Chacun un peu plus riche

P2060346.JPGSuperbe samedi, celui que nous venons de vivre. Nous recevions à la maison Ramsès, Kathy, Miss, Valentine et son époux. Si les trois premiers étaient déjà des habitués des lieux, en revanche, pour Valentine et Hervé, c'était une grande première.

C'est toujours un moment sympa de découvrir l'aspect physique de personnes qui nous sont devenues familières sur le blog. Valentine a un visage qui respire la bonne humeur. Quant à Hervé, aussi adorable qu'elle, il fait aussi partie de nos habitués fidèles même s'il n'a encore jamais posté de commentaire sur le blog.

Cela a été l'occasion d'en savoir un peu plus sur ce sujet : qu'est-ce qui fait qu'un visiteur régulier reste silencieux alors qu'il fréquente nos pages depuis des mois ? Valentine et Hervé ont la même réponse : se décider à écrire un mot, même sous couvert d'un pseudonyme, est plutôt intimidant vu "de l'extérieur". Les nouveaux arrivants ont l'impression que les participants actifs forment un cercle fermé et, du coup, n'osent pas s'y immiscer.
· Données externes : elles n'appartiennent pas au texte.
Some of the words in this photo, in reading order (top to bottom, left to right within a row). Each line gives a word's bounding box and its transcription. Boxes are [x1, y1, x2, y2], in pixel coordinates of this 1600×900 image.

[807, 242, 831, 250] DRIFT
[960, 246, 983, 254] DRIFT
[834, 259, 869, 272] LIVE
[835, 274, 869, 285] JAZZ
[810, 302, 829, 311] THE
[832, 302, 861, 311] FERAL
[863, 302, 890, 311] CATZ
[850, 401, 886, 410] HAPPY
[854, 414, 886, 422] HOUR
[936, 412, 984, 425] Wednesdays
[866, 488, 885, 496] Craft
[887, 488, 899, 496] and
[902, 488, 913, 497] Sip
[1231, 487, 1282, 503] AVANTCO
Bien sûr, nous, nous n'avons pas la sensation que les intervenants réguliers constitue un groupe à part. Nous préfèrerions que tous ceux qui passent ici et ont envie de réagir à l'un ou l'autre des sujets en ligne, le fassent en toute simplicité, même s'il s'agit d'un mot ponctuel. Mais bon, c'est ainsi et nous comprenons parfaitement qu'une très large majorité des 1200 à 1400 visiteurs quotidiens nous lisent sans rien dire. Après tout, si notre popularité augmente continuellement, c'est que ce que nous mettons en ligne est intéressant pour un nombre croissant d'entre vous. Et c'est ce qui compte.

P2060352.JPGJe ne vais pas vous raconter en détails toutes les choses que nous nous sommes dites, de la vie quotidienne en Egypte ou en Jordanie jusqu'au Red Book de Jung, de nos expériences passées sur divers forums à l'ambiance bon enfant qui règne sur notre blog, du chamanisme à Avatar, et mille autres choses encore. Nous avons passé une vraiment très belle journée ensemble.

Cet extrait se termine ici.